Budget strapped cities with strong labor traditions are in the cross hairs of this initiative, which attempts to pit low income transit-dependent riders against bus and light rail drivers. Millsap, for example, identifies transit riders unions such as the New York City’s Riders Alliance as impediments to this broader assault on labor. Campaigns like the Riders Alliance’s “Fair Fares” campaign, Millsap argues, “might be unnecessary if New York City officials lowered costs by privatizing more of the city’s public transit network.” A 2014 article in Labor Notes heralds the importance of bus riders unions, which “make ready allies for willing unions”. New York, Los Angeles, Portland, Seattle, Orlando, and Pittsburgh are among a growing number of cities nationwide in which transit riders and bus drivers are forming common cause to beat back transit cut backs and attempts to privatize public transportation.

New Orleans, Long Island and San Diego number among major U.S. cities that have privatized at least parts of their public transit systems, and they provide object lessons in the dangers of doing so. In New Orleans, the privatization of public transit was among the many “shocks” administered following Hurricane Katrina that intensified inequality and racialized disparities in income and wealth. In a phone interview, Robert “Tiger” Hammond, President of the Greater New Orleans AFL-CIO, spoke to the impacts of privatization on labor and living wage jobs. “When you privatize a company, they want to cut jobs,” he stated. “They want to cut benefits, such as health insurance, pensions…. We’re still in a fight for our life everyday in this hostile environment.”

For taxpayers, promised cost savings of privatization routinely fail to materialize, while wages and services are both cut. As Hammond notes, the companies that take over are focused on their own profits rather than community interests. They “always have to make money for the shareholders.” An article in California Watch, a project of the Center for Investigative Reporting, , examines the aftermath of the privatization of bus lines in San Diego. The article notes that the cost-savings have been “quite a bit less than advertised,” while bus drivers’ wages have taken a significant hit, with starting wages dipping from “$14 to $10.50 an hour.” In New York, the Long Island Bus Riders’ Union, a project of Long Island Jobs with Justice, emerged in the wake of outsourcing of bus lines to the massive French-based multinational company Veolia Transportation, the same company that now operates the bus lines and rail lines throughout the country.

In 2011, Veolia absorbed Connex Railroad, the contractor that “provide[d] engineers to the commuter line, MetroLink,” in Los Angeles, which was implicated in a 2008 head-on train collision that killed twenty five people and injured 130. The train engineer was reportedly texting at the time of the accident.  The accident resulted in a $200 million settlement, “one of costliest rail settlements” in U.S. history.
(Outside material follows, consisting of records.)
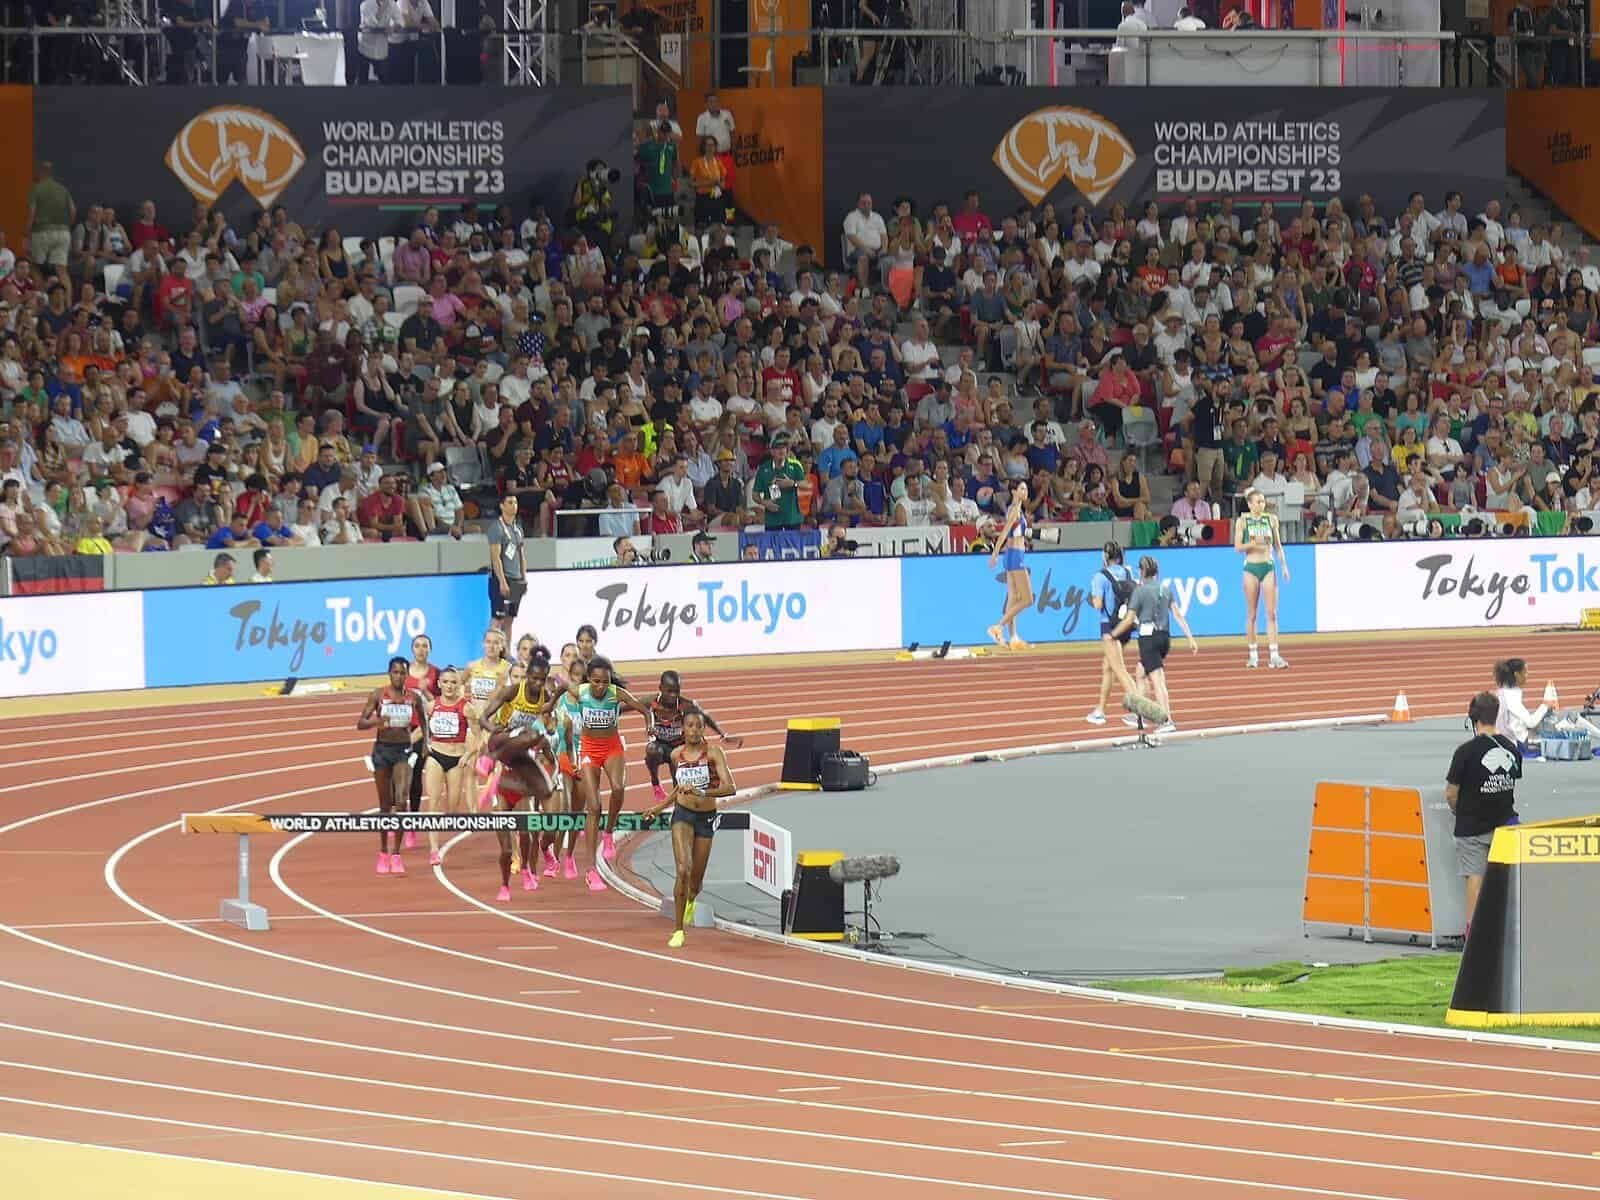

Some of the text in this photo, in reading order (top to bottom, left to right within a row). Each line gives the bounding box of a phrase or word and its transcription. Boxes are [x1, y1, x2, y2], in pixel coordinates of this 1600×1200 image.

[322, 121, 504, 141] WORLD ATHLETICS
[1154, 121, 1341, 141] WORLD ATHLETICS
[323, 143, 504, 166] CHAMPIONSHIPS
[1154, 143, 1341, 165] CHAMPIONSHIPS
[325, 169, 505, 194] BUDAPEST 23
[1156, 168, 1341, 192] BUDAPEST 23
[1416, 553, 1530, 620] Tokyo
[596, 580, 807, 652] Tokyo Tokyo
[230, 597, 427, 672] Tokyo Tokyo
[681, 768, 703, 777] NTN
[271, 816, 322, 830] WORLD
[325, 816, 399, 830] ATHLETICS
[401, 815, 517, 830] CHAMPIONSHIPS
[527, 813, 644, 831] BUDAST
With buses under operation by Veolia, The Long Island Bus Riders Union fought back against threatened cuts to “60% of all routes, and weekend and off-peak service cuts equaling nearly 25% cuts on certain routes.” Not surprisingly, the transit union reported that many of the proposed cuts “appear[ed] to be in low income communities where more people rely on buses to get to work and to access the few health care centers that serve their needs.” The Riders Union publication included an interview with Dr. Niev Duffy of the Center for Social Policy and Community Engagement at SUNY Old Westbury. Duffy indicated that it was “’very difficult or impossible to evaluate the full economic consequences of the cuts,’” given “people los[ing] access to employment” and “cuts forc[ing] more people to use emergency rooms for their health care.” Among several health care facilities slated to lose access in the wake of cuts proposed in 2012 were the Nassau County Department of Health, and the Nassau County Department of Social Services.
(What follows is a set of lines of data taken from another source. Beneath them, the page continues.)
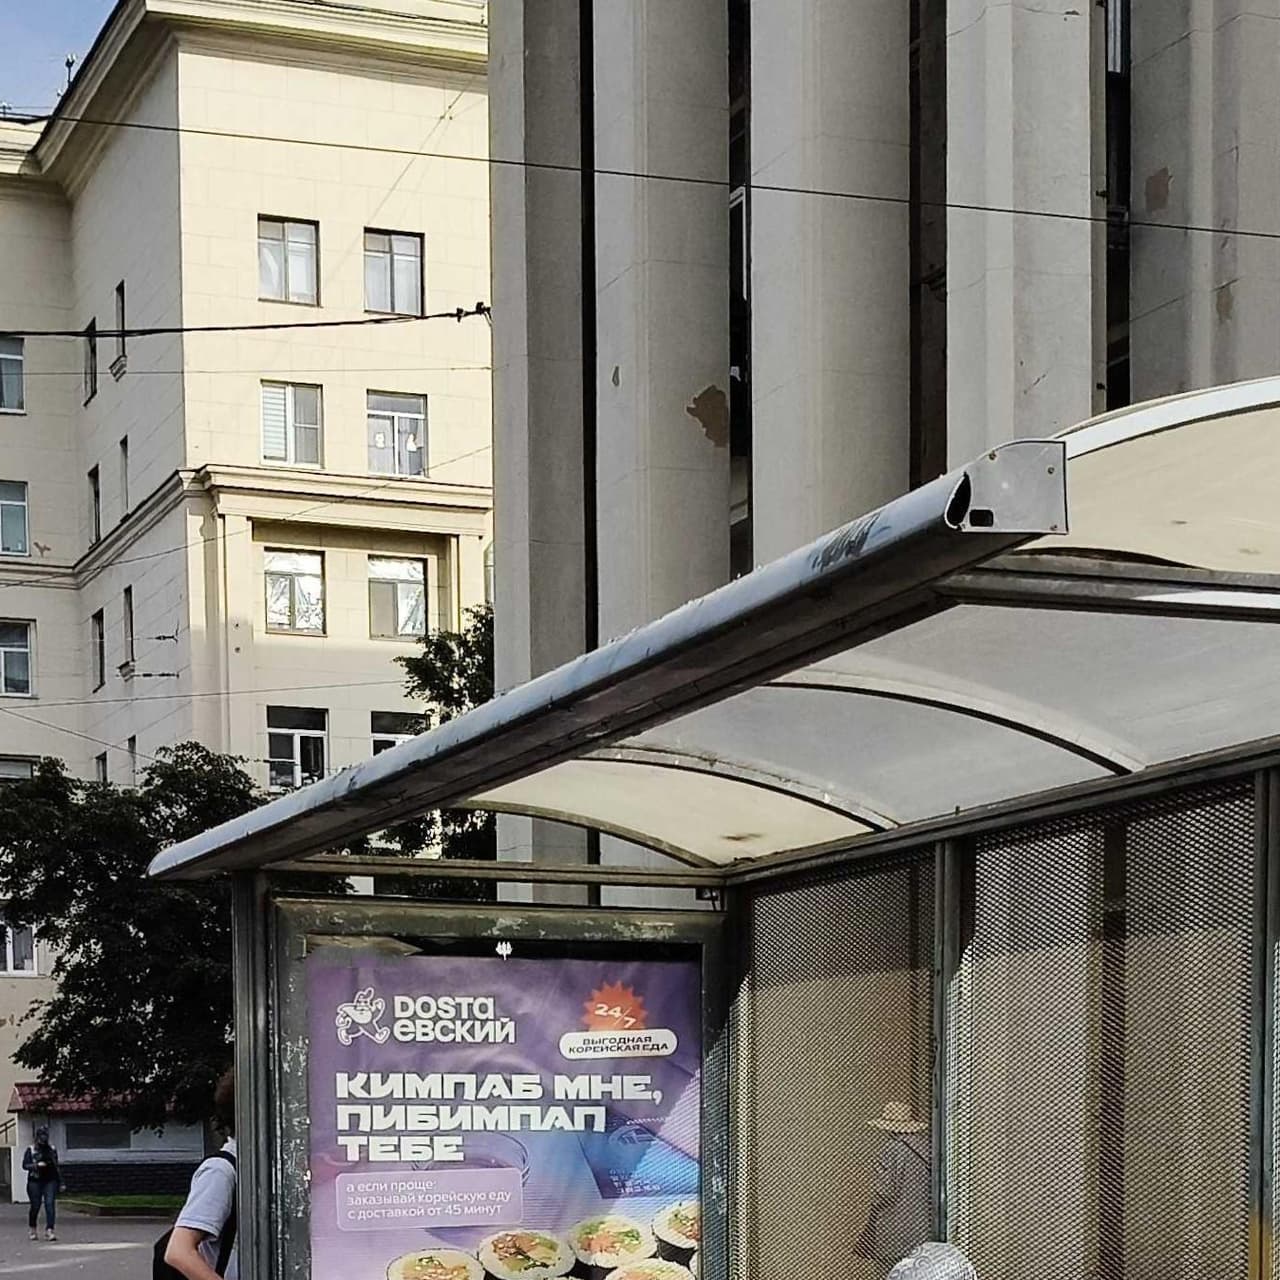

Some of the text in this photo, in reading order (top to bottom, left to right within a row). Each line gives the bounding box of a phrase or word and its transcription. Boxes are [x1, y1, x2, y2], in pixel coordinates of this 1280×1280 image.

[593, 1003, 637, 1029] 24/7
[568, 1043, 670, 1054] КОРЕЙСКАЯ ЕДА
[582, 1036, 653, 1046] ВЫГОДНАЯ
[335, 1072, 663, 1105] КИМПАБ МНЕ,
[336, 1105, 607, 1133] ПИБИМПАП
[336, 1135, 465, 1162] ТЕБЕ
[346, 1182, 355, 1193] а
[357, 1181, 388, 1193] если
[346, 1190, 512, 1206] заказывай корейскую еду
[347, 1203, 503, 1221] с доставкой от 45 минут
The Portland-based Trimet’s proposed $12.9 million dollar expenditure, funded largely by a bond measure, was particularly galling to OPAL, BRU and their allies, given OPAL’s campaign to secure passes for the city’s low income riders at the nearly equivalent cost of $12 million. OPAL organizers note, moreover, that the city is in the process of implementing a flashy new electronic fare card system, the “Hop Fastpass,” the total costs of which are estimated at $35.9 million. OPAL/BRU organizers see the expenditure as evidence of the Trimet Board’s insularity from community needs and interests, including those of low income transit-dependent people, who for decades have been pushed to the outskirts of a city that ranks among one of the most rapidly gentrifying cities–with one of the tightest rental markets in the U.S. OPAL organizers emphasize that “fare evasion” may at times be a necessary survival tactic for low income riders whose quest for lower rents increases the cost of their daily commutes, and who may at times be forced to choose between fare evasion and job loss from missed shifts.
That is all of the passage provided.